Y lo que son las cosas, allí es precisamente donde John conoce el catolicismo. En Lovaina abraza la fe católica, se hace novicio jesuita y en 1610 es ordenado sacerdote en París. Su primer destino será Ruán, pero él sueña con volver a su tierra desafiando la persecución. En 1613 desembarca en Edimburgo bajo el nombre supuesto de Watson y fingiéndose capitán. Sigue un período breve pero intenso de disfraces, escondrijos, misas en la clandestinidad y arriesgadísimos auxilios espirituales a los diezmados fieles, hasta que una traición le pone en manos de su mayor enemigo, el arzobispo Spottiswood, quien recurre a todos los medios para hacerle apostatar.

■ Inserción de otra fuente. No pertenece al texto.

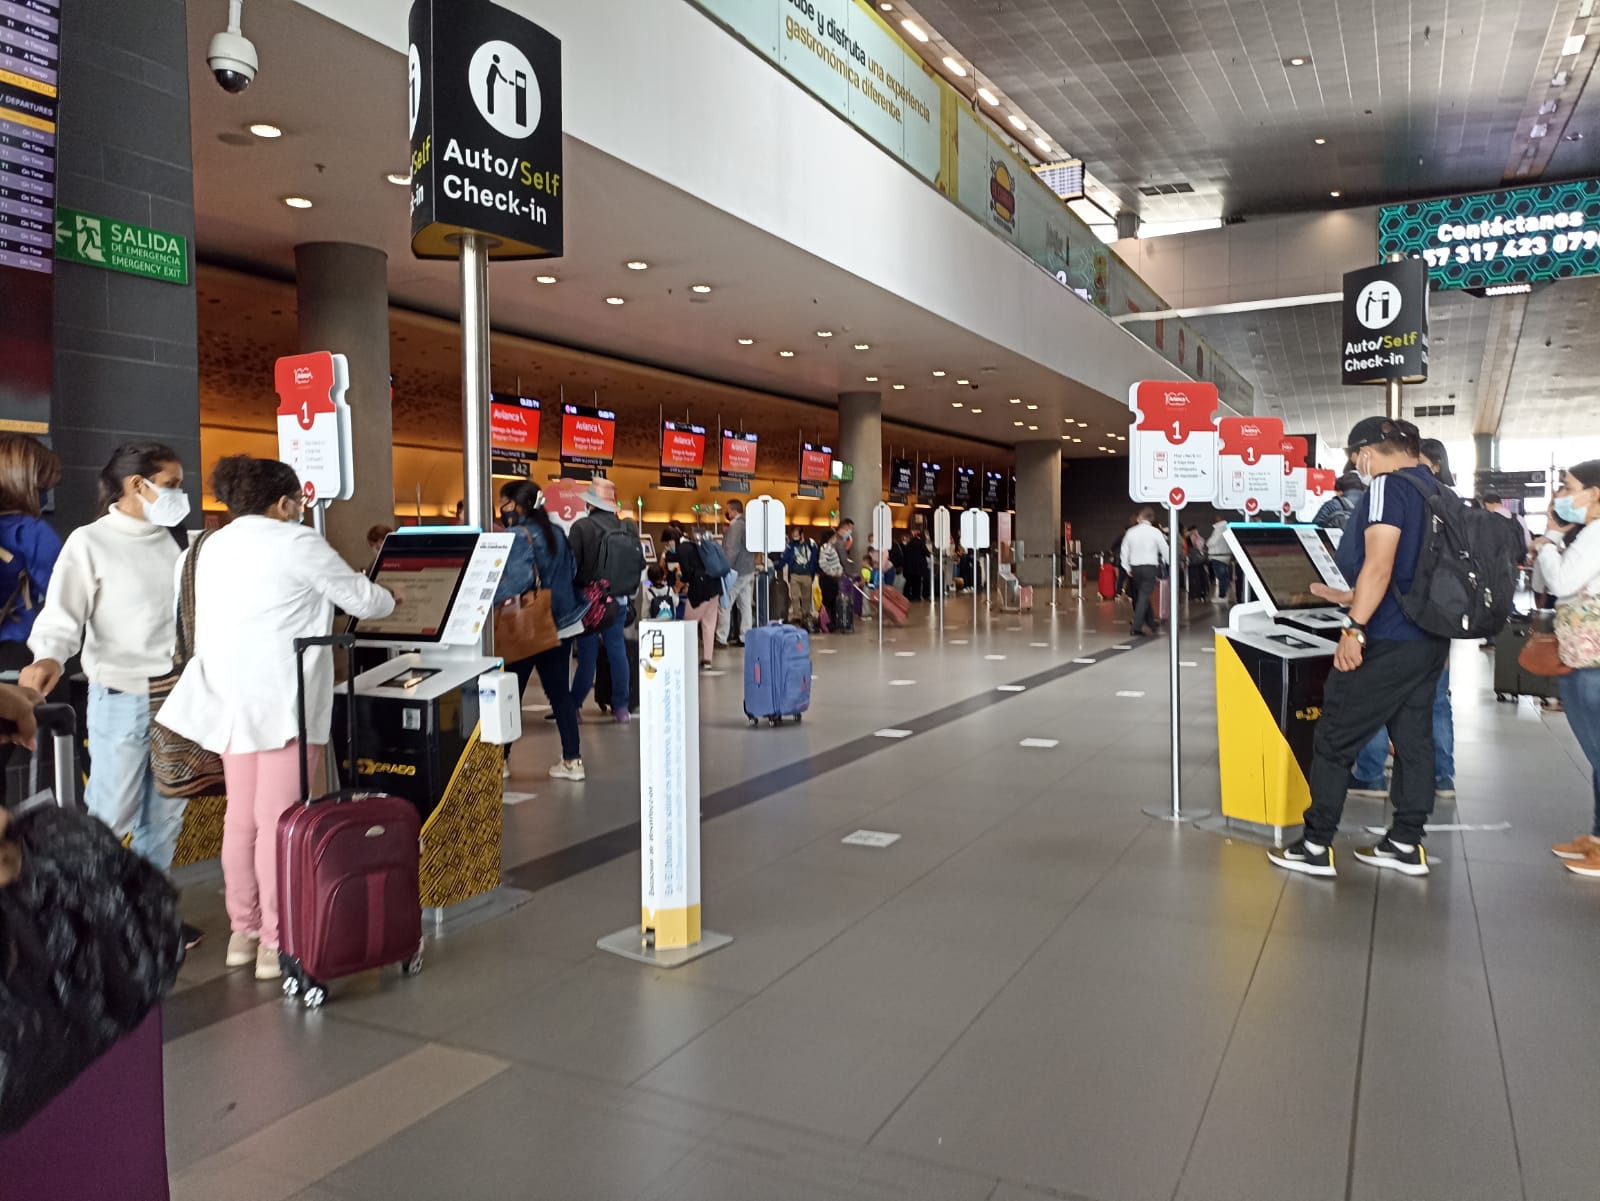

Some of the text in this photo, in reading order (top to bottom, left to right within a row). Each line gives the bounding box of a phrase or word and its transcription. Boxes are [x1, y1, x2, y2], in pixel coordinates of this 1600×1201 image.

[786, 15, 860, 88] gastronómica
[818, 11, 824, 36] y
[827, 18, 866, 66] disfruta
[868, 56, 884, 82] una
[887, 73, 930, 123] experiencia
[5, 95, 53, 117] DEPARTURES
[443, 138, 560, 198] Auto/Self
[443, 174, 547, 225] Check-in
[1438, 211, 1583, 242] Contáctanos
[111, 224, 180, 256] SALIDA
[1455, 242, 1498, 264] 317
[1503, 237, 1547, 259] 423
[1553, 230, 1600, 253] 079
[111, 243, 180, 265] DE EMERGENCIA
[111, 255, 181, 278] EMERGENCY EXIT
[1345, 331, 1418, 356] Auto/Self
[1345, 352, 1405, 372] Check-in
[301, 401, 310, 424] 1
[576, 421, 598, 432] Avianca
[1172, 420, 1182, 440] 1
[1246, 446, 1255, 462] 1
[512, 463, 527, 474] 142
[564, 505, 572, 519] 2
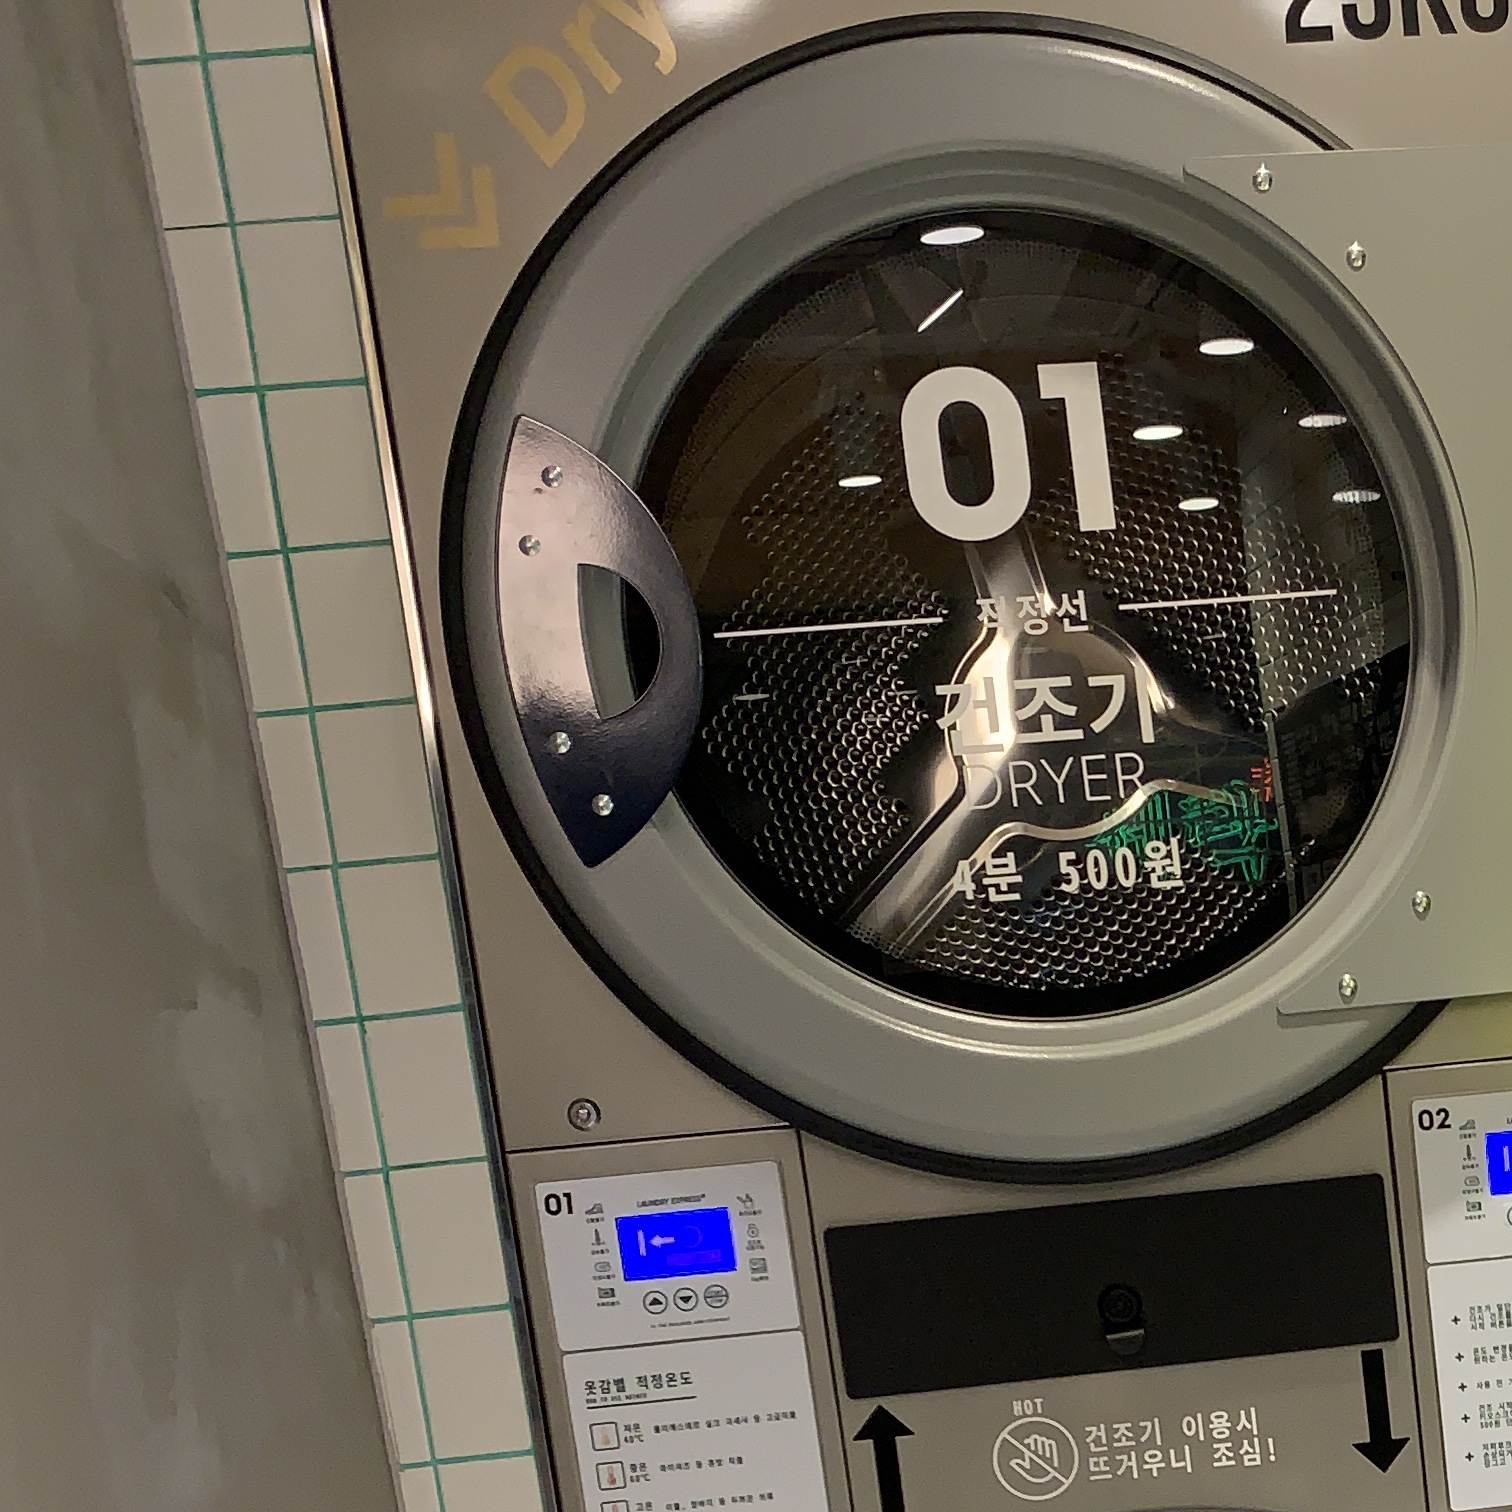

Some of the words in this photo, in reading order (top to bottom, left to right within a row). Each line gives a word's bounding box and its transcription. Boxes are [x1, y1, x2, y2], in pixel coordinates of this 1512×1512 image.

[484, 0, 677, 169] Dry
[901, 361, 1116, 541] 01
[976, 589, 1089, 635] 적정선
[935, 672, 1155, 756] 건조기
[962, 752, 1145, 810] DRYER
[953, 851, 1023, 901] 4분
[1059, 838, 1184, 893] 500원
[1417, 1106, 1452, 1131] 02
[542, 1191, 575, 1216] 01
[583, 1376, 626, 1396] 옷감별
[635, 1369, 693, 1391] 적정온도
[1013, 1399, 1043, 1415] HOT
[1085, 1418, 1162, 1451] 건조기
[1182, 1407, 1258, 1441] 이용시
[1089, 1446, 1192, 1480] 뜨거우니
[1212, 1438, 1276, 1467] 조심!
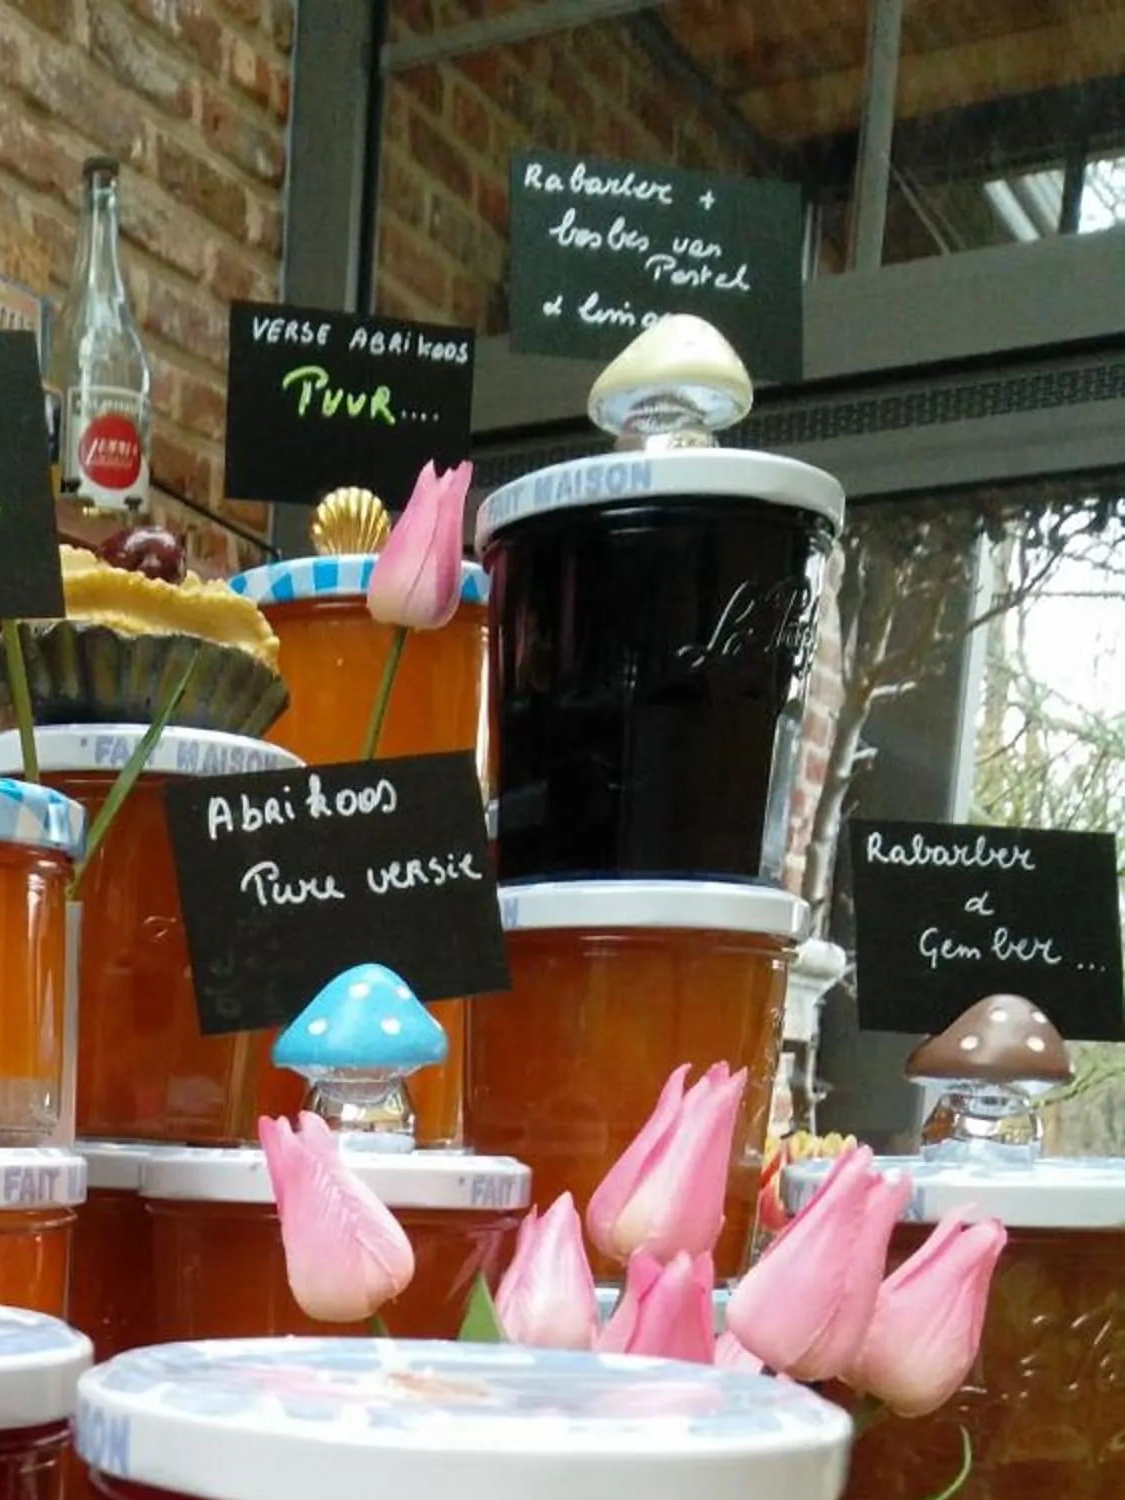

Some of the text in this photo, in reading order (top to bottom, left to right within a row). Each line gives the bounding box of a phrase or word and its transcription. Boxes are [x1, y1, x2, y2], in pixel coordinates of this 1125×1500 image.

[253, 316, 331, 346] VERSE
[208, 773, 397, 840] Abrikoos
[867, 832, 1036, 870] Rabarber
[367, 853, 482, 893] versie
[4, 1165, 60, 1201] FAIT
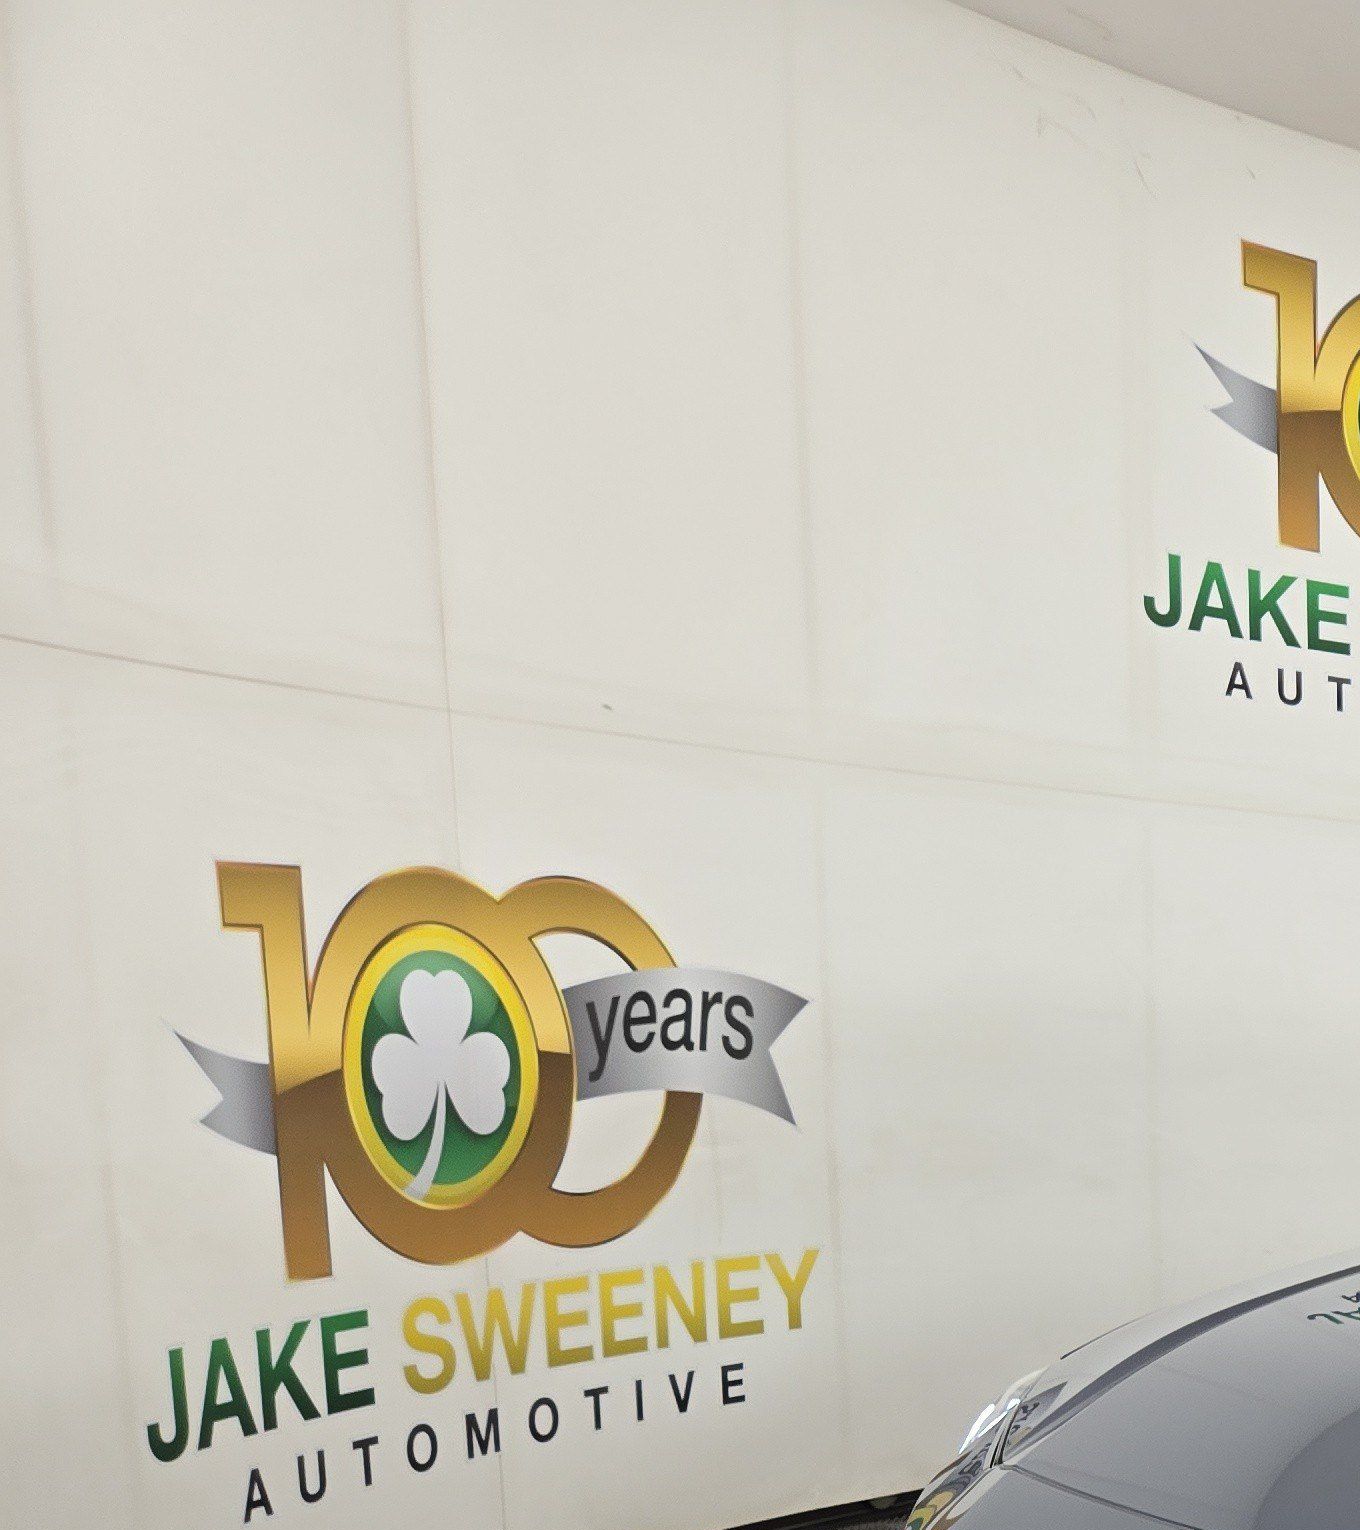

Amenazas, halagos, torturas, además de una sustanciosa prebenda si renunciaba al catolicismo. San Juan de Ogilvie estuvo sereno, elocuentísimo y pródigo en rasgos de humor, se negó a delatar a sus compañeros, rechazó todas las acusaciones de deslealtad a la Corona y fue ahorcado con una sonrisa. Se le canonizó en 1976.
Fuente: La casa de los Santos. Un Santo para cada día. Carlos Pujol.